The essence of training of the neural network is as follows. According to the prediction result associated with the image sample processed with the neural network and the ground truth (that is, the labeling information of the image sample or the real image) of the image sample, the value of the parameter of the neural network is continuously adjusted, to enable difference between the prediction result and the ground truth of the image sample to satisfy requirements. During training of the neural network, a frequency of accessing to a certain data source indicates a probability that the neural network can be fitted to the data source. The higher the frequency of accessing to a certain data source is, the easier the neural network is to fit to the data source, that is, the neural network has a good performance for the data source. When there is a new data source, if the training is merely conducted on the new data source, the neural network trained may be fitted to the new data source, and as a result, the neural network may lose the ability to be fitted to the previous data. Therefore, maintaining frequencies of accessing to new and old data sources at the same time is the key to train the neural network in the implementations of the disclosure.
In implementations of the disclosure, the first image sample set is old data and the second image sample set is new data. To enable the neural network to, in addition to maintaining the previously obtained performance for the first image sample set, be well fitted to the second image sample set, it is necessary to select image samples from both the first image sample set and the second image sample set, and then perform object detection on each selected image sample and adjust the parameter of the neural network according to a detection result and a corresponding ground truth (i.e., a labeling result or a real image) of each selected image sample.

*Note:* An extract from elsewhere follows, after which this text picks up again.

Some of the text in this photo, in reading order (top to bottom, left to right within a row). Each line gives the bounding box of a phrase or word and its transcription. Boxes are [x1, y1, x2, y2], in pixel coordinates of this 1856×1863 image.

In an implementation of the disclosure, to prevent the neural network from losing its detection performance for the first domain, after the second image sample set is collected, the first image sample set and the second image sample set are together used to train the neural network, to update and adjust the parameter of the neural network, so that the neural network can have detection performance for objects in images of the second domain, in addition to maintaining the detection performance for objects in images of the first domain. The specific training process in the implementation is similar to the foregoing training process (the neural network is trained merely with the first image sample set). That is, image samples are obtained from the image sample set per group. Different from the foregoing training process, in the training process of the implementation, each group of image samples (as a group of training samples) includes at least one image sample selected from the first image sample set and at least one image sample selected from the second image sample set. According to the above formula (1), the weight parameter of the neural network is updated until the weight parameter of the neural network reaches the optimum.

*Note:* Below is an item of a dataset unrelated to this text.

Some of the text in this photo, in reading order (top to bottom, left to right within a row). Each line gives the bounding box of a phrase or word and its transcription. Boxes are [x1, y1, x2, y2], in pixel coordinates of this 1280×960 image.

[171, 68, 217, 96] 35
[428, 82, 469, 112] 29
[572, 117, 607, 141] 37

In the process of training the neural network with the image samples in the first image sample set and the second image sample set, if n image samples (the amount of image samples in each group of image samples) are randomly selected from the first image sample set and the second image sample set at each time, a probability that each image sample is sampled is n/N (N is the total amount of image samples in the first image sample set and the second image sample set), which may cause a problem. That is, for image sample data having a specific distribution, when the amount of the image sample data is relatively small, the image sample data may have little chance to participate in training, and thus their contribution to the training of the neural network may be diluted, thereby leading to the neural network unable to be fitted to the image sample data having the specific distribution. In this case, it is necessary to collect enough new image sample data to improve the performance. In addition, if the training is merely conducted on the new image sample data, the neural network may be fitted to the new image sample data, thereby leading to a decrease in the performance for the original image sample data.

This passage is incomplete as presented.